MULHERES
22/05/2020 18:00 -03 | Atualizado 23/05/2020 08:50 -03

Engravidei aos 19, levei um susto, mas foi a melhor coisa da minha vida

A dona do 20º depoimento do projeto "Prazer, Sou Mãe" é Carolina Agostineli, que enfrentou dificuldades por ser mãe jovem, mas teve muita força de sua rede de apoio.

Divulgação/Arquivo Pessoal
A advogada Carolina Agostineli e o filho Bernardo, de 4 anos.

A experiência de ser mãe é maravilhosa! Foi, sem dúvidas, a melhor coisa que aconteceu na minha vida. Mesmo sendo mãe nova, só com 19 anos, não me arrependi nem por um segundo da escolha que fiz.

Eu amei ficar grávida, amei dar à luz, é uma sensação incrível gerar e sentir um ser só seu e sentir ele mexendo dentro de você... E, quando te mostram o rostinho dele pela primeira vez, é uma felicidade, uma explosão de sentimentos indescritível.

É tudo verdade o que dizem sobre a gravidez: quando nasce uma criança, nasce uma mãe... Algumas noites serão mais difíceis; vão ser muitas noites maldormidas. Mas a verdade é que os desafios de ser mãe não param de aparecer ao longo do tempo. E ninguém te avisa que falar um “não” ou deixar de castigo causam uma exaustão e um aperto no coração muitas vezes até maiores do que a perda de uma noite de sono por cólica.

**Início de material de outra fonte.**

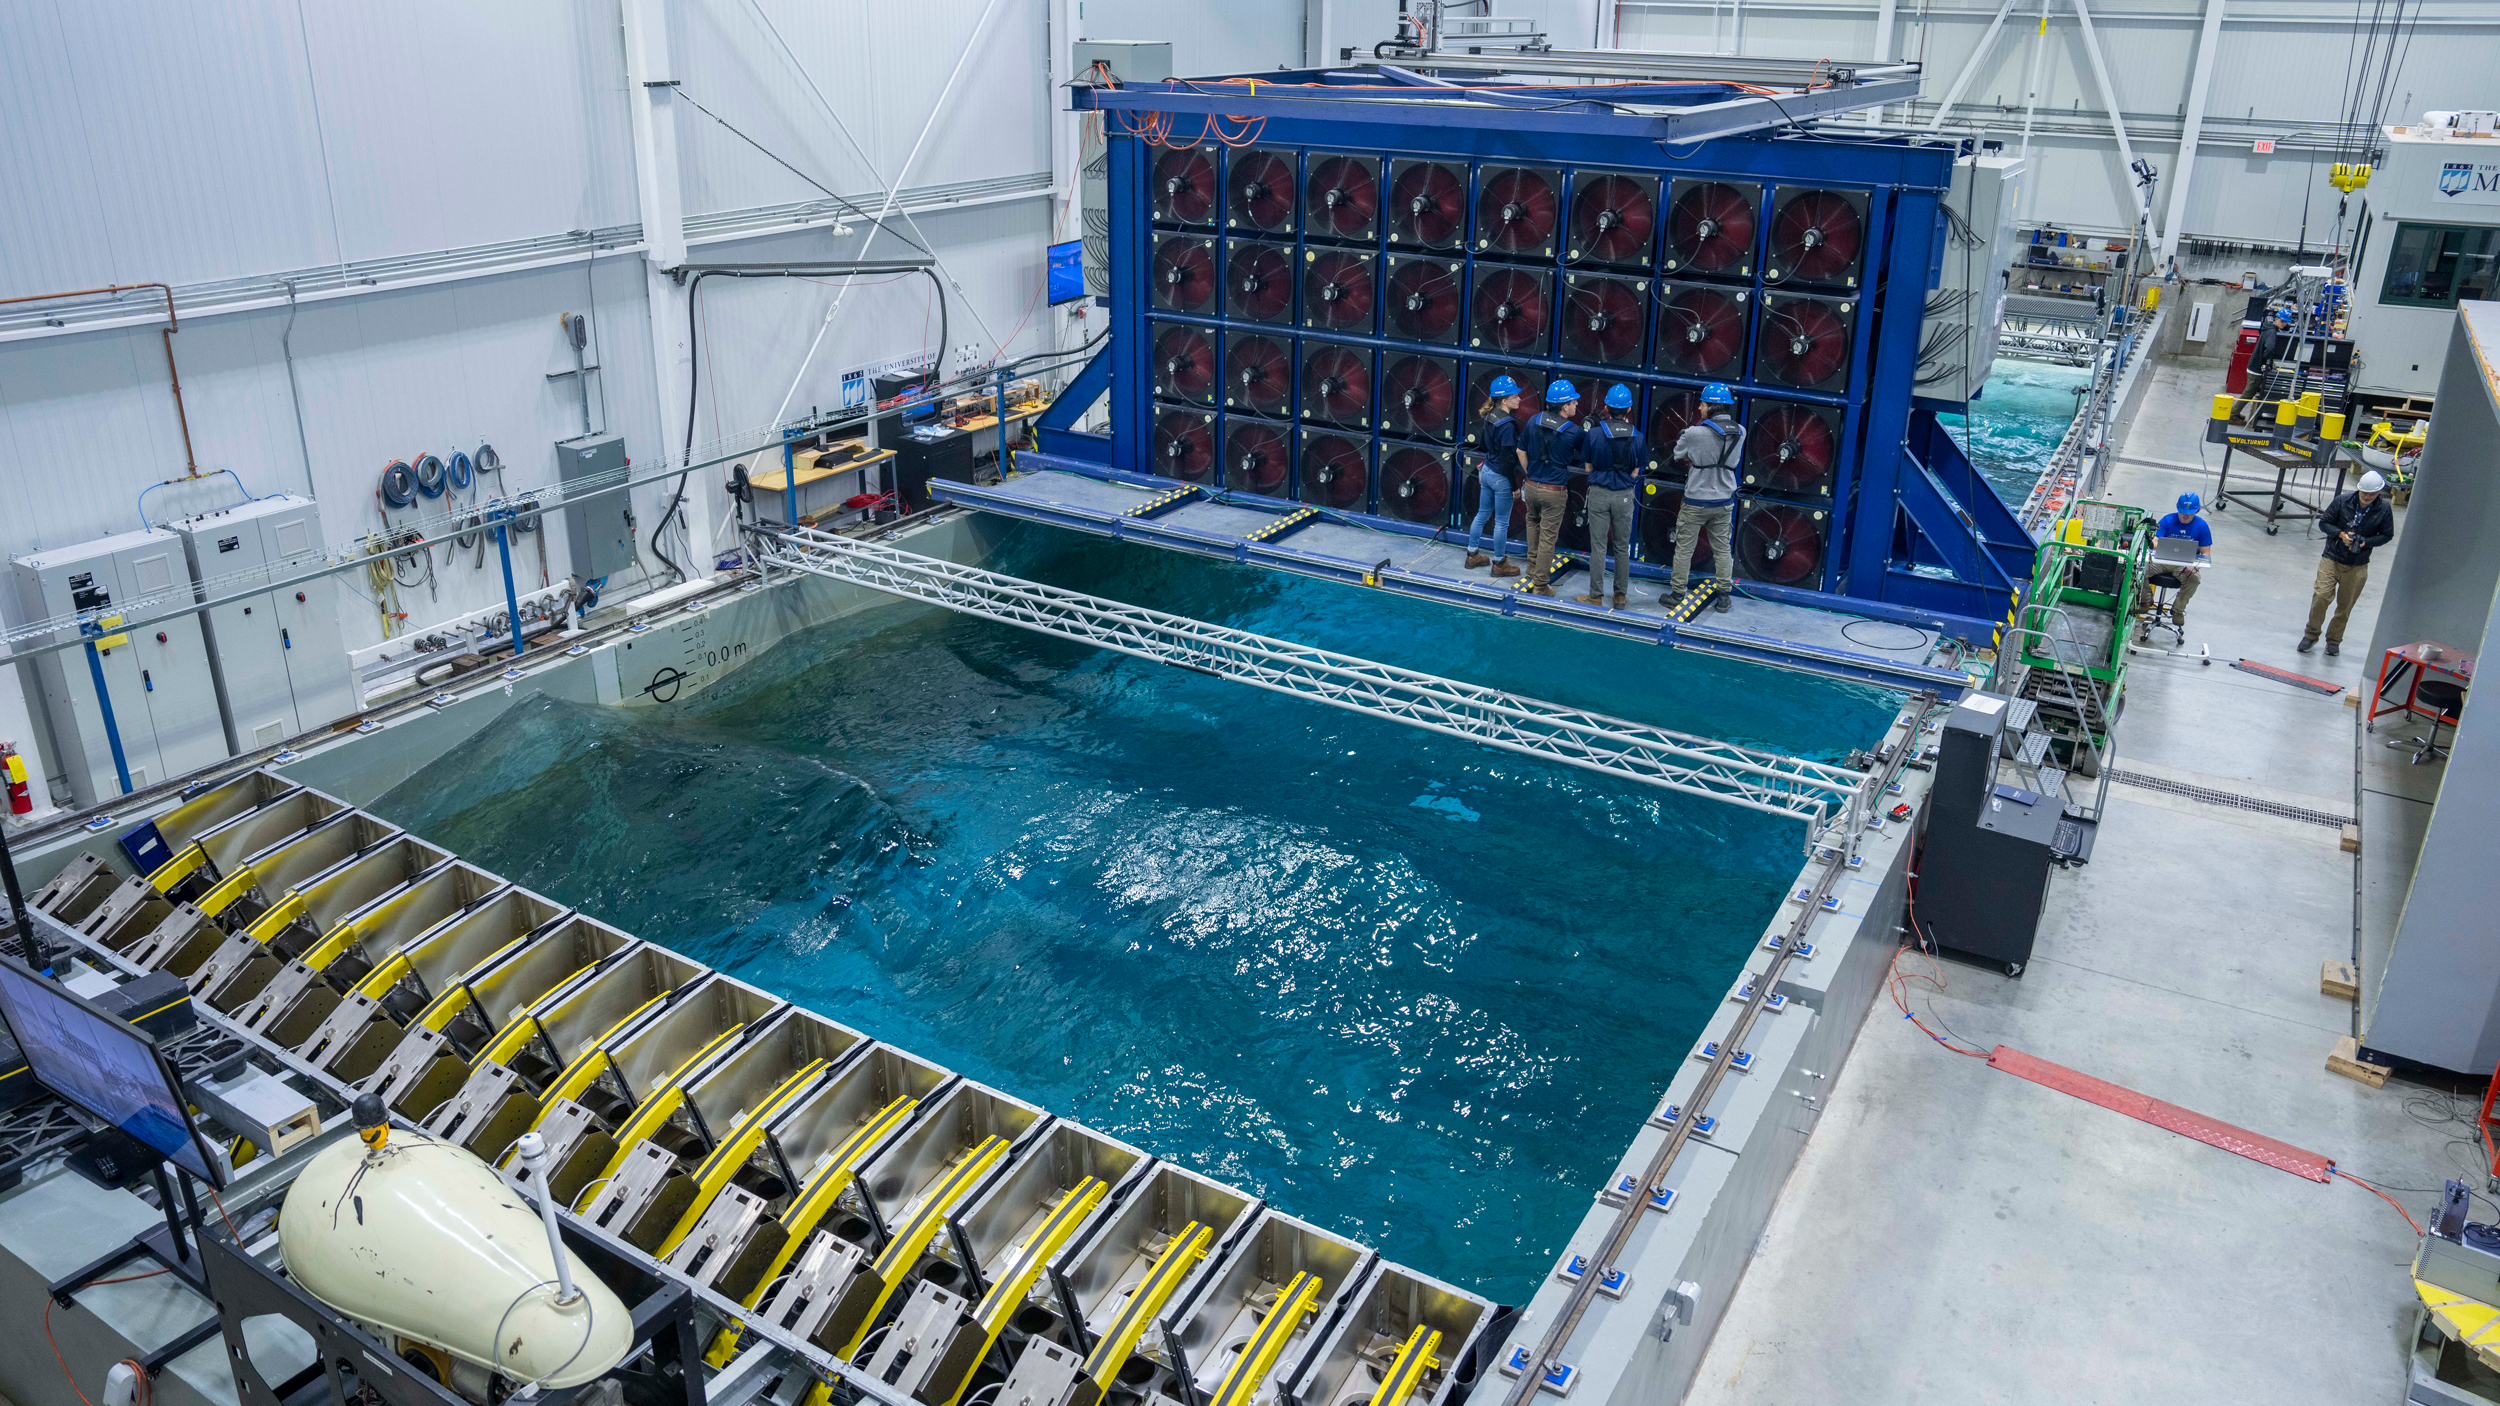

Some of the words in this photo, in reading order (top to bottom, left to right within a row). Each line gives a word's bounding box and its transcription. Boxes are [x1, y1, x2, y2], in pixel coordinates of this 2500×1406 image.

[2256, 141, 2272, 152] EXIT
[868, 366, 881, 375] THE
[884, 356, 925, 370] UNIVERSITY
[927, 352, 936, 360] OF
[843, 370, 863, 380] 1865
[694, 619, 703, 627] 0.4
[695, 630, 705, 638] 0.3
[696, 641, 706, 649] 0.2
[698, 652, 707, 660] 0.1
[707, 646, 730, 667] 0.0
[734, 642, 747, 657] m
[700, 674, 710, 682] 0.1

Ninguém avisa que às vezes você chora junto com a criança por não conseguir resolver o problema dela naquele momento.

Quando eu descobri que estava grávida, eu levei um susto. Eu namorava o pai do Bernardo mas não estávamos preparados, não estava nos planos ter um filho naquele momento. A gente levou um susto, mas ambas as famílias abraçaram a causa e nos ajudaram em tudo, de verdade. 

No dia que eu contei para a minha mãe, ela chegou a achar que eu estava doente. Foi muito difícil dizer “estou grávida”, então quando eu fui contar eu fiquei parada com o exame na mão e ela falava: “o que foi? Você está doente, você tem câncer?”.

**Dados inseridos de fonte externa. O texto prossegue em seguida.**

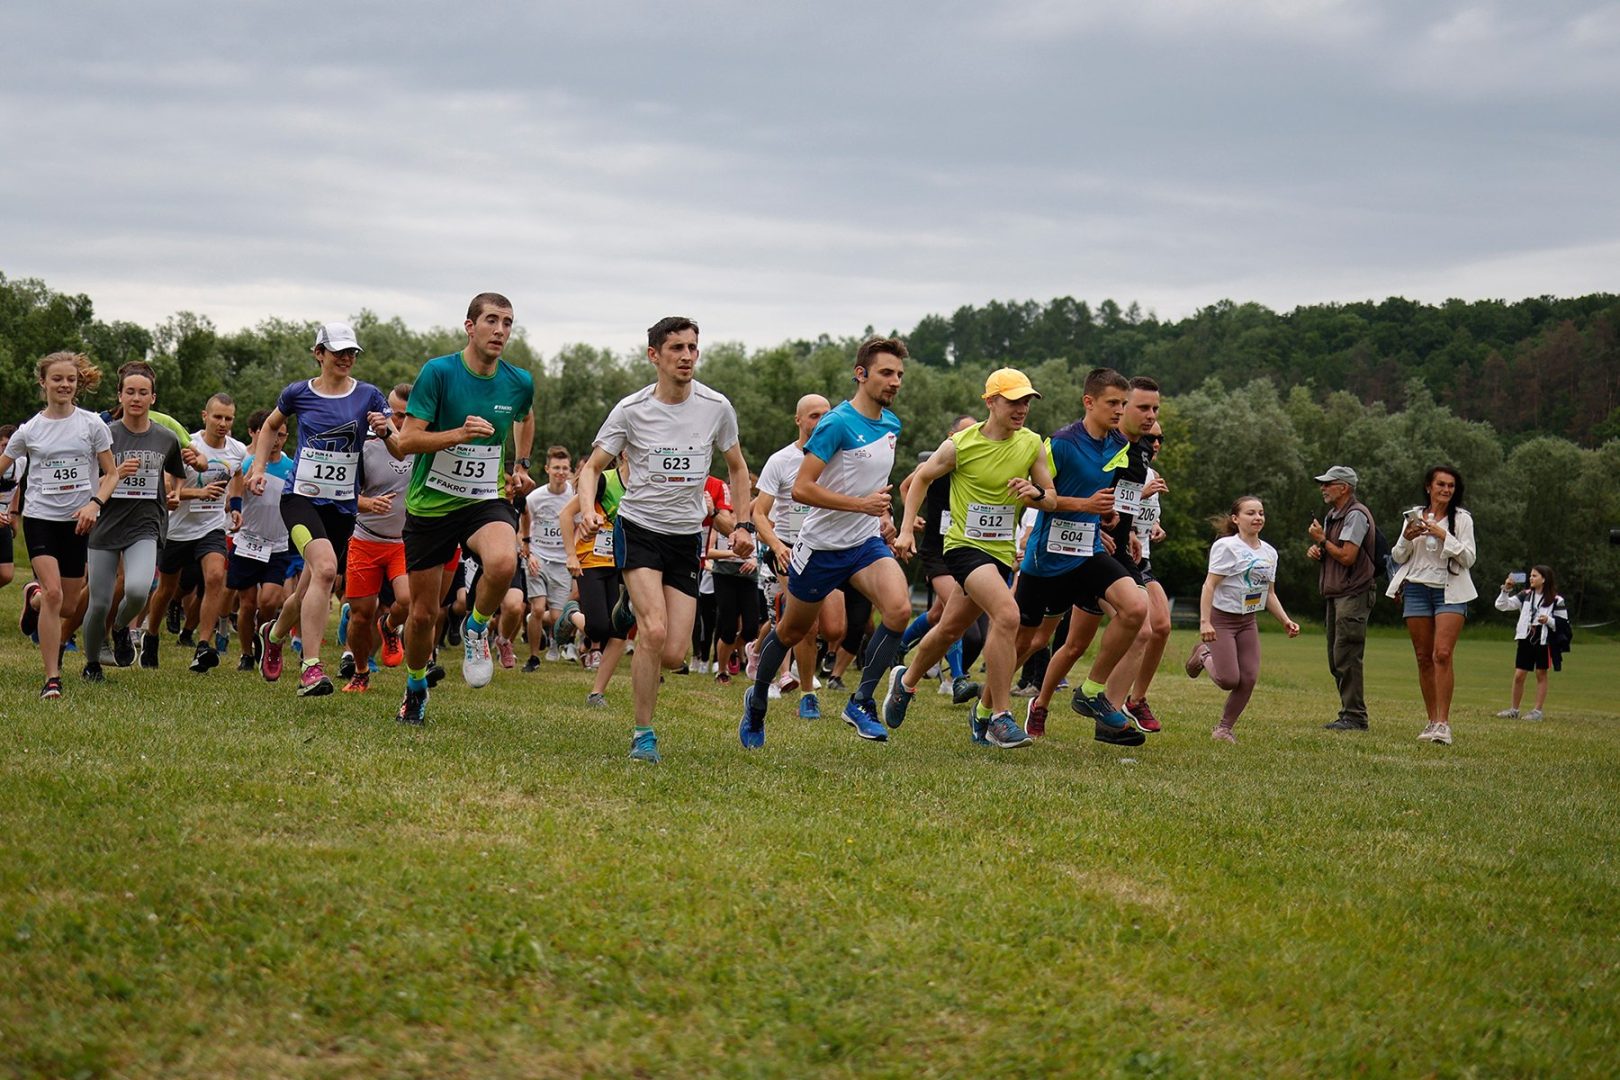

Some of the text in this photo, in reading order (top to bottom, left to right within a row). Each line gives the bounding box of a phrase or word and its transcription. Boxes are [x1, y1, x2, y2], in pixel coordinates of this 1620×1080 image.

[451, 460, 485, 478] 153
[663, 457, 690, 470] 623
[53, 468, 78, 480] 436
[313, 464, 347, 481] 128
[123, 477, 146, 487] 438
[436, 478, 467, 493] FAKRO
[1120, 489, 1134, 501] 510
[1138, 507, 1155, 521] 206
[979, 515, 1003, 527] 612
[544, 527, 562, 537] 160
[1060, 530, 1083, 542] 604
[246, 542, 263, 553] 434

E eu entreguei o envelope e ela: “Graças a Deus. É só uma gravidez, Carol, para com isso. Está tudo bem, você vai conseguir”. E já começou a passar a mão na minha barriga...

Inclusive a aceitação dela foi muito mais rápida do que a minha própria aceitação porque eu pensava no que eu ia fazer, como eu ia conciliar tudo, eu tinha acabado de entrar em um estágio e não tinha licença-maternidade... E eu fiquei pensando como ia fazer. 

Jamais pensei em interromper a gravidez ou largar a faculdade.

Quando o Bernardo nasceu, eu estava no 5º semestre de Direito. Como ele nasceu em julho, consegui a licença na faculdade e não precisei parar de estudar. Não tive medo de não conseguir fazer a faculdade porque a gente sempre teve muito apoio. Minha maior preocupação era em como pagar a faculdade. Mas deu tudo certo.

Os conteúdos das aulas eu pegava com meus amigos e estudava em casa e fui para faculdade apenas fazer as provas finais. Consegui concluir o meu curso no prazo esperado e me formei com meus amigos com quem entrei na faculdade. Apesar de tudo isso, jamais pensei em interromper a gravidez ou largar a faculdade.

Atualmente sou advogada e trabalho em um escritório renomado em São Paulo. Até hoje, alguns dias são mais difíceis que os outros, e sei que a maternidade é igual um jogo de vídeo game; a cada fase que você passa, fica mais difícil.

Só que eu garanto que nada nesse mundo é mais gratificante do que um sorriso no fim de um dia conturbado, um “eu te amo” em um momento de fragilidade, ou simplesmente aquela hora que você se pega olhando para o bebê e percebe o quão sortuda você é, por poder dividir sua vida com alguém que você realmente ama incondicionalmente.

Carolina Agostineli é dona do 20º depoimento do projeto “Prazer, Sou Mãe”. Ela tem 24 anos, é mãe do Bernardo de 4 anos. É advogada e mora em São Paulo.